• [Supplied data]
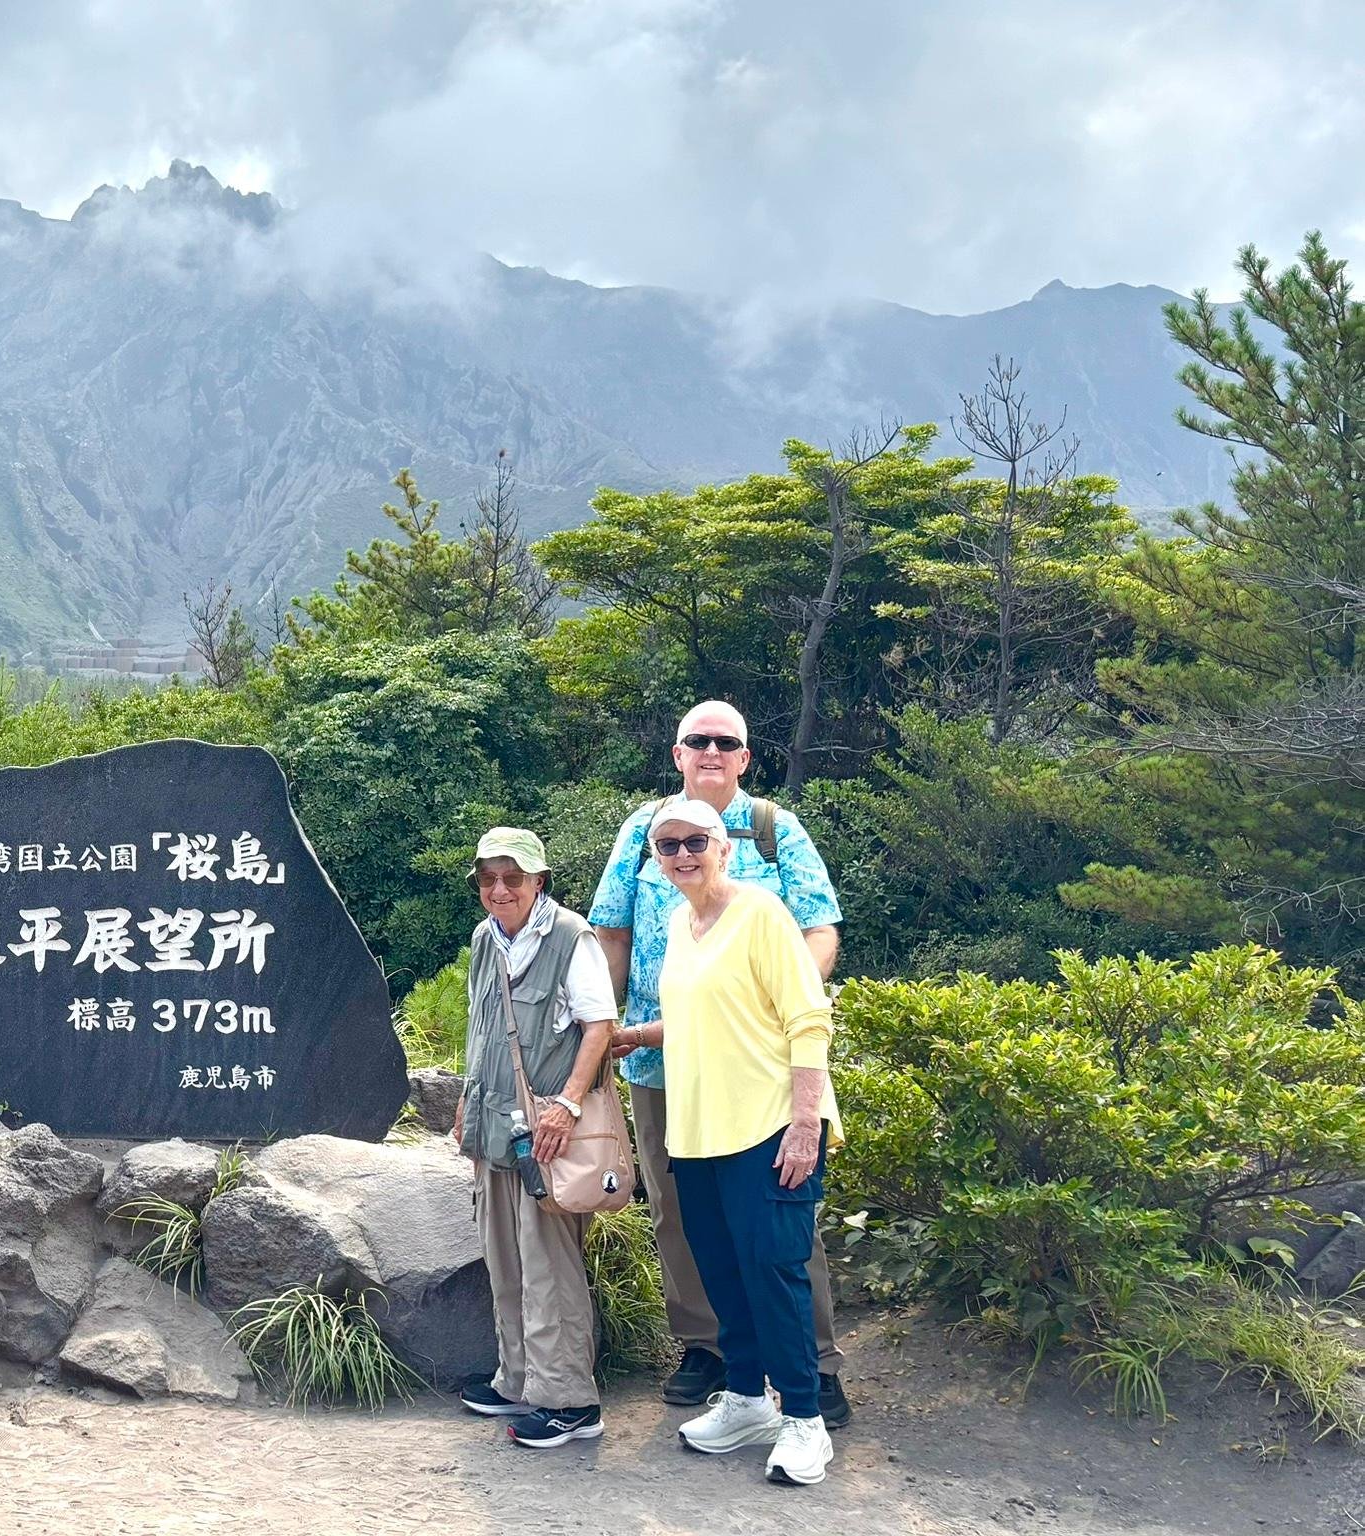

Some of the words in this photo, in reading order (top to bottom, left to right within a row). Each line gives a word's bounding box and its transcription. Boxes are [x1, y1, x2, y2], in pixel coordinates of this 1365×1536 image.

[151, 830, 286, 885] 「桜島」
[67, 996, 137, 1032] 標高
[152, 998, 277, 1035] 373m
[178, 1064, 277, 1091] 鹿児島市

• [What the exercise asks]
Every entry above should be restated word for word, with the images left out.

• [Answer to the exercise]
Some of the words in this photo, in reading order (top to bottom, left to right within a row). Each line gives a word's bounding box and its transcription. Boxes are [x1, y1, x2, y2], in pixel coordinates of this 1365×1536 image.

[151, 830, 286, 885] 「桜島」
[67, 996, 137, 1032] 標高
[152, 998, 277, 1035] 373m
[178, 1064, 277, 1091] 鹿児島市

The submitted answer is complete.